Devoted monarchist Mitree Mike Chitinunda decided to mark the king’s 67th birthday on Sunday with a haircut that has drawn praise from some royalists but criticism from others, who view it as disrespectful.
“Some people think I do it to show off, but that’s not true. I just do it to show my love for the king,” Mitree, 47, told Reuters.
Thai ultra-royalists are known for extreme displays of devotion to the monarch, seen as a semi-divine figure.
But in nearly three years on the throne, King Vajiralongkorn has not acquired the mass affection that his father, King Bhumibol Adulyadej, gained during seven decades of rule before his death in 2016.

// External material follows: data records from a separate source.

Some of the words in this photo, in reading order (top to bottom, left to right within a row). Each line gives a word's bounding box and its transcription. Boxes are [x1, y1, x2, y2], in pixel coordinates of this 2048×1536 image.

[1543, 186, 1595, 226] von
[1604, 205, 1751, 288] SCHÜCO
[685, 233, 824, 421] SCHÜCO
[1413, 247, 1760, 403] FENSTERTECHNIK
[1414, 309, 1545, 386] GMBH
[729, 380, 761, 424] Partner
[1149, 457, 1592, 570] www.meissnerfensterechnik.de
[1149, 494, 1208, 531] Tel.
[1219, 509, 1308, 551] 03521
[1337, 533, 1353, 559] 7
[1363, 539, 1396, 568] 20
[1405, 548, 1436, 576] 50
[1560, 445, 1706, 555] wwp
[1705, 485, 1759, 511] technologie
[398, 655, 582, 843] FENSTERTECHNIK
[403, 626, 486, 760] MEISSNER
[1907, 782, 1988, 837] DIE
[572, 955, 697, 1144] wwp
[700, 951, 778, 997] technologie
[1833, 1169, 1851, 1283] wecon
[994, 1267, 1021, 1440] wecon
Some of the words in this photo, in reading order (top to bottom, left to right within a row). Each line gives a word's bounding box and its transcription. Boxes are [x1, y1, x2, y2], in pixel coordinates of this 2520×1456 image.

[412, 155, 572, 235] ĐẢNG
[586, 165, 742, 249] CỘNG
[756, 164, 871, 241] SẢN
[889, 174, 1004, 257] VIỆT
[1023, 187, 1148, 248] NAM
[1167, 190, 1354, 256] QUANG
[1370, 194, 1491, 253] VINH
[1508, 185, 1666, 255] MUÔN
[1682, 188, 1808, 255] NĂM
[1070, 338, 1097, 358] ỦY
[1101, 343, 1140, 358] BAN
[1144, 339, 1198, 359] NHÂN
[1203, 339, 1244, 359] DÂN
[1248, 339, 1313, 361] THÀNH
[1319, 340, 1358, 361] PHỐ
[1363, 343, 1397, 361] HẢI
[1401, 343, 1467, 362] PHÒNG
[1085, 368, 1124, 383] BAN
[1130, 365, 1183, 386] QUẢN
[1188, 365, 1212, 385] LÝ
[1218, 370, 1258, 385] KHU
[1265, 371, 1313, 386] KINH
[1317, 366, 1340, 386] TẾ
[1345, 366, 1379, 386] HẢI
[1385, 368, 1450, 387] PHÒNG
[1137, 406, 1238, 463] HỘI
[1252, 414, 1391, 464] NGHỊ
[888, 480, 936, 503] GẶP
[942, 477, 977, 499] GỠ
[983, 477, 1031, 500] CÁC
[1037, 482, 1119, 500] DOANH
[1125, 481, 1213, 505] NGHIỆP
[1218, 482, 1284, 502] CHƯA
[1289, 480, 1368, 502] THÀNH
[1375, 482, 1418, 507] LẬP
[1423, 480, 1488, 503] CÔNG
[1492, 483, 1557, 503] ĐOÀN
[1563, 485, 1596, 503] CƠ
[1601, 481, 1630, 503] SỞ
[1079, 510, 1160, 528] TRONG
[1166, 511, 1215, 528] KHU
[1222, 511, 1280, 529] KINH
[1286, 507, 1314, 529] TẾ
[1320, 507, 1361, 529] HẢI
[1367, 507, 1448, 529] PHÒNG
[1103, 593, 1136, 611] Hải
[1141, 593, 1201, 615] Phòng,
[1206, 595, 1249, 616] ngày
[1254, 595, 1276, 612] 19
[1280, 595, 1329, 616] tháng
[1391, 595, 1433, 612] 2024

Mitree, who sports a crimson beard, has had special haircuts before – including one of Thailand’s current prime minister and former junta leader Prayuth Chan-Ocha.
The haircuts made him popular at the hospital where he works as a radiographer and that helps put patients at ease, he said.
The latest cut was planned carefully with barber Vorajit Chantanon, who is also a strongly committed royalist and marked the king’s birthday by giving free haircuts.
Mitree sat with a portrait of the king in his hands for the barber to follow. The haircut took more than three hours. To maintain the picture requires further snipping every few days.
Pictures of the haircut posted on Facebook drew a mixture of praise and condemnation.
“Some people have been pleased with it and said ‘Long Live the King’. Some people have said it’s not appropriate to have the king’s portrait there,” Vorajit said. “But we just want to express our loyalty.”
Special haircuts are a regular feature for Vorajit, but the Buddha and dragons are more usual subjects.
Since taking the throne, Vajiralongkorn has put a forceful stamp on the monarchy. Among orders from the palace is for the short haircuts that men who serve there and in the armed forces are required to have.
Criticism of the monarchy is illegal in Thailand and strict lese-majeste laws protecting members of the royal family from insult limit what all news organizations, including Reuters, can report.